Nothing but the pictures may be left out. Restate the rest of the entries word for word.

*** Block opens ***

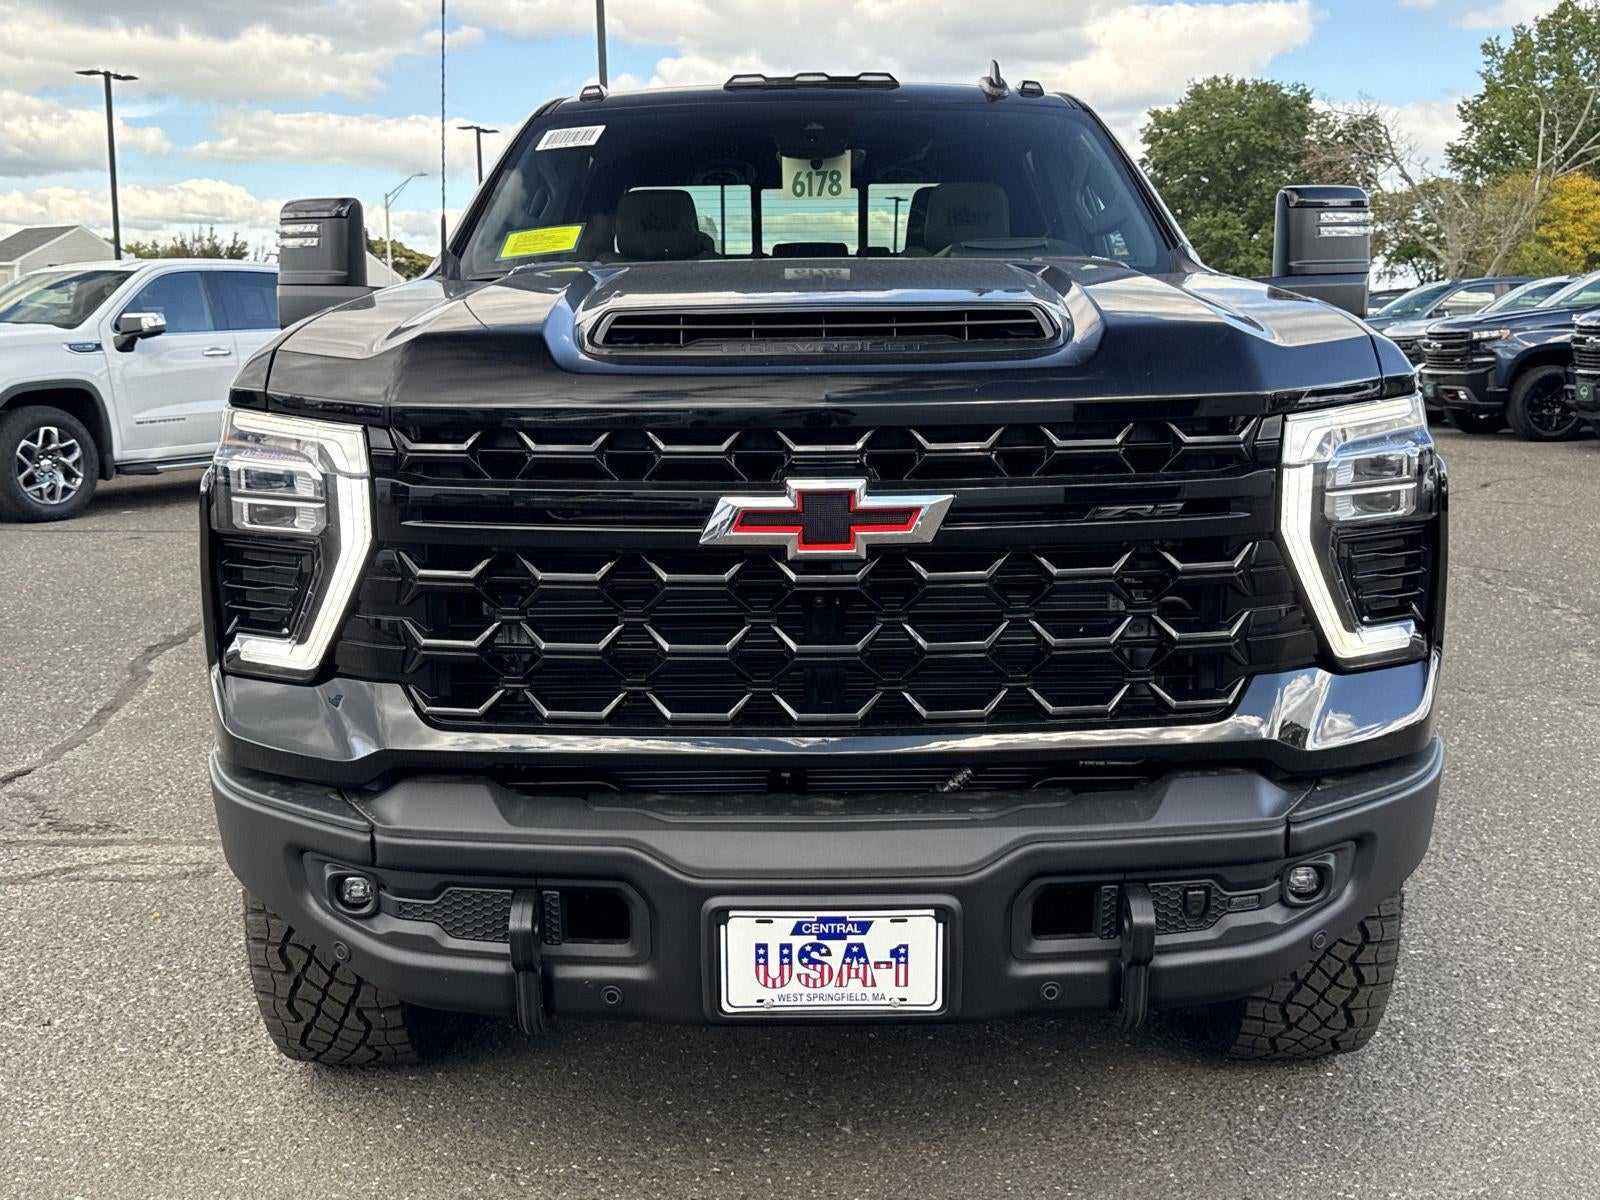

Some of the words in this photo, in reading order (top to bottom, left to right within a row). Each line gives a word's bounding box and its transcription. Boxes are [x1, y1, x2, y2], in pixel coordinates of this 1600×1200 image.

[792, 170, 842, 197] 6178
[801, 923, 861, 935] CENTRAL
[754, 942, 909, 988] USA-1
[777, 993, 803, 1003] WEST
[806, 993, 870, 1003] SPRINGFIELD,
[872, 992, 886, 1002] MA

*** Block closes ***

• SOLUTION TO THIS PROBLEM:
Some of the words in this photo, in reading order (top to bottom, left to right within a row). Each line gives a word's bounding box and its transcription. Boxes are [x1, y1, x2, y2], in pixel coordinates of this 1600×1200 image.

[792, 170, 842, 197] 6178
[801, 923, 861, 935] CENTRAL
[754, 942, 909, 988] USA-1
[777, 993, 803, 1003] WEST
[806, 993, 870, 1003] SPRINGFIELD,
[872, 992, 886, 1002] MA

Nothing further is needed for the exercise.